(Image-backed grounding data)
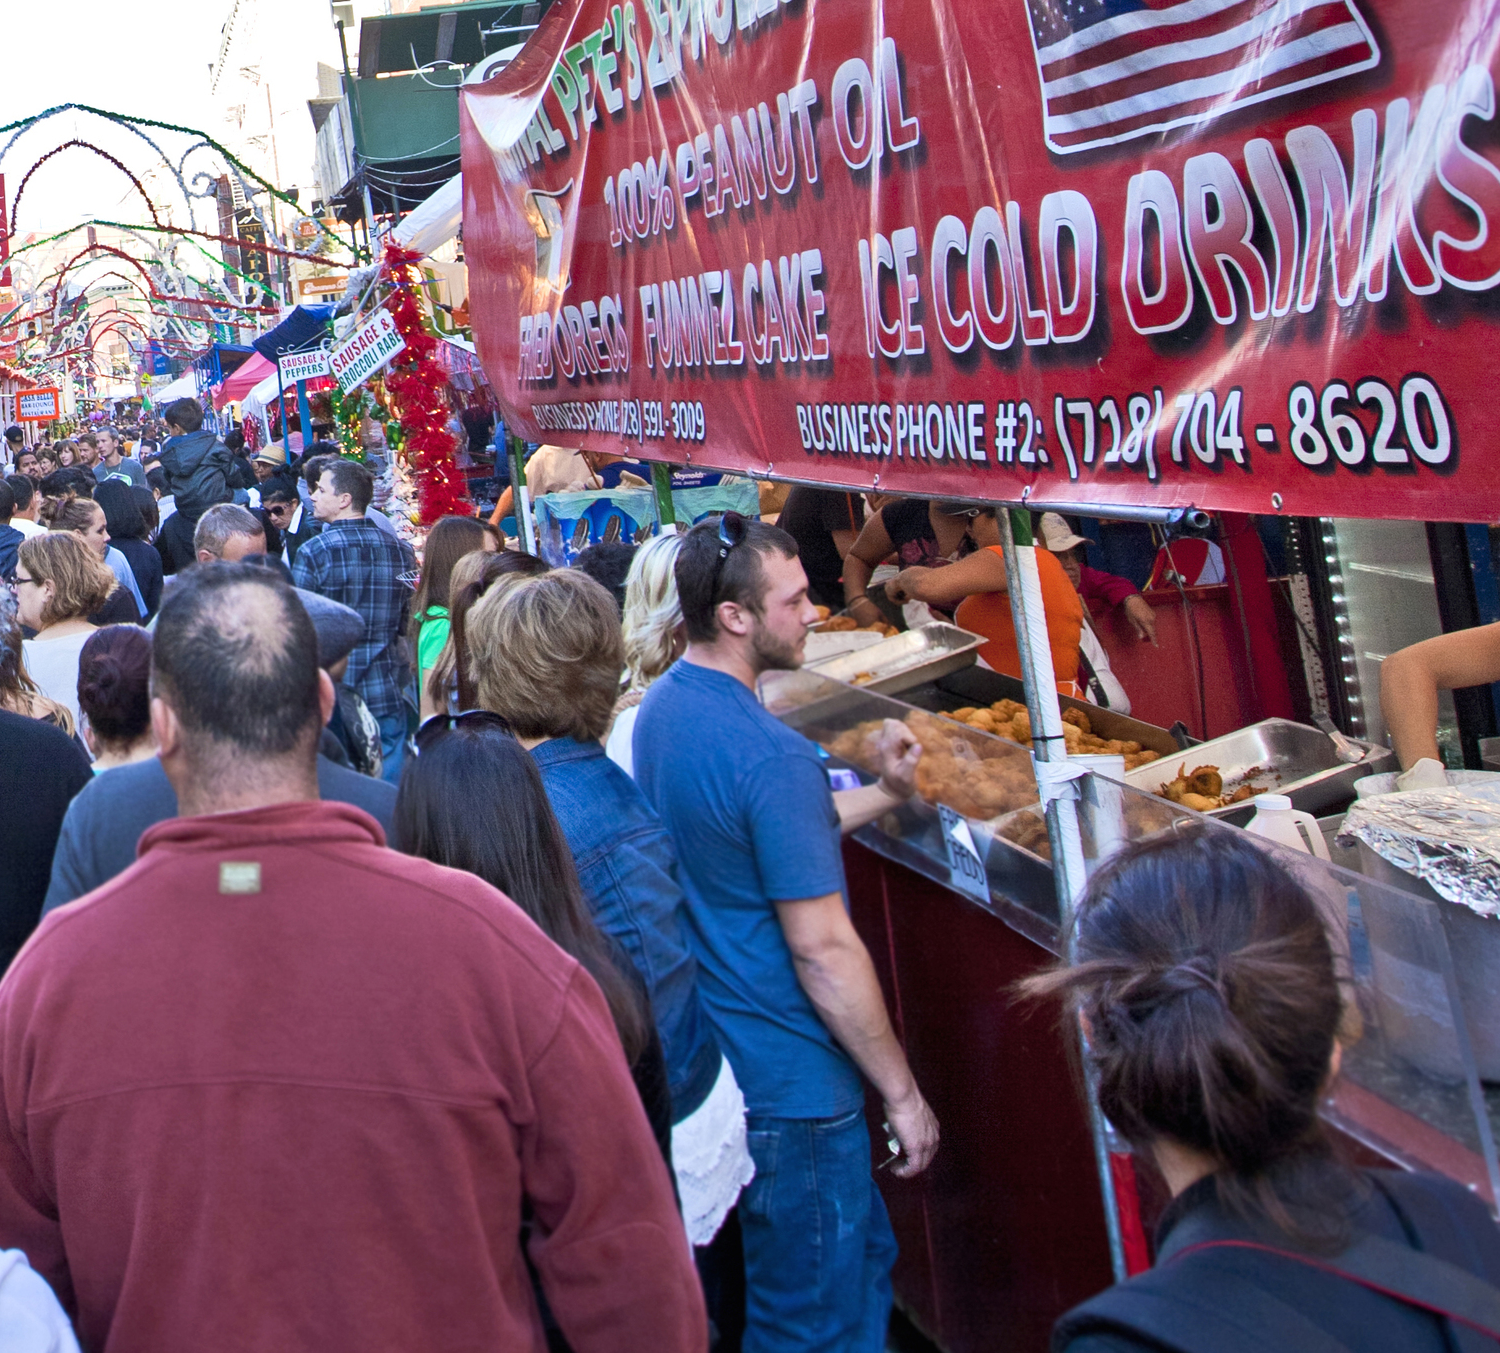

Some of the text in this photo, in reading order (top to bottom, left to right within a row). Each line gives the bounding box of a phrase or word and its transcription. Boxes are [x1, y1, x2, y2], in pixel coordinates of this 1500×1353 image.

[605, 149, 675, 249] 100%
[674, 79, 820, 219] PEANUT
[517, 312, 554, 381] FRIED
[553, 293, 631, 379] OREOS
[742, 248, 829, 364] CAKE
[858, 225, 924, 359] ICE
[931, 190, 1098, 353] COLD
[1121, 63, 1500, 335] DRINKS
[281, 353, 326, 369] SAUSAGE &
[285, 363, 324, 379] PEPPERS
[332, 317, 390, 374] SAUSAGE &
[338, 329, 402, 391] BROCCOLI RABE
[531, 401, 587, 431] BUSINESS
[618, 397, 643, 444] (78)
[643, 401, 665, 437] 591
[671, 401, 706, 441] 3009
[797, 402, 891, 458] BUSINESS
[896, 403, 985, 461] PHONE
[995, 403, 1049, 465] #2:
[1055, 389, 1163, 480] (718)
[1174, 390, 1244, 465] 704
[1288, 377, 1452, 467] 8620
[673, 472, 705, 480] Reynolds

TRY IT: Without any of the pictures, set the entries down again exactly as written.

EXERCISE RESPONSE:
Some of the text in this photo, in reading order (top to bottom, left to right within a row). Each line gives the bounding box of a phrase or word and its transcription. Boxes are [x1, y1, x2, y2], in pixel coordinates of this 1500×1353 image.

[605, 149, 675, 249] 100%
[674, 79, 820, 219] PEANUT
[517, 312, 554, 381] FRIED
[553, 293, 631, 379] OREOS
[742, 248, 829, 364] CAKE
[858, 225, 924, 359] ICE
[931, 190, 1098, 353] COLD
[1121, 63, 1500, 335] DRINKS
[281, 353, 326, 369] SAUSAGE &
[285, 363, 324, 379] PEPPERS
[332, 317, 390, 374] SAUSAGE &
[338, 329, 402, 391] BROCCOLI RABE
[531, 401, 587, 431] BUSINESS
[618, 397, 643, 444] (78)
[643, 401, 665, 437] 591
[671, 401, 706, 441] 3009
[797, 402, 891, 458] BUSINESS
[896, 403, 985, 461] PHONE
[995, 403, 1049, 465] #2:
[1055, 389, 1163, 480] (718)
[1174, 390, 1244, 465] 704
[1288, 377, 1452, 467] 8620
[673, 472, 705, 480] Reynolds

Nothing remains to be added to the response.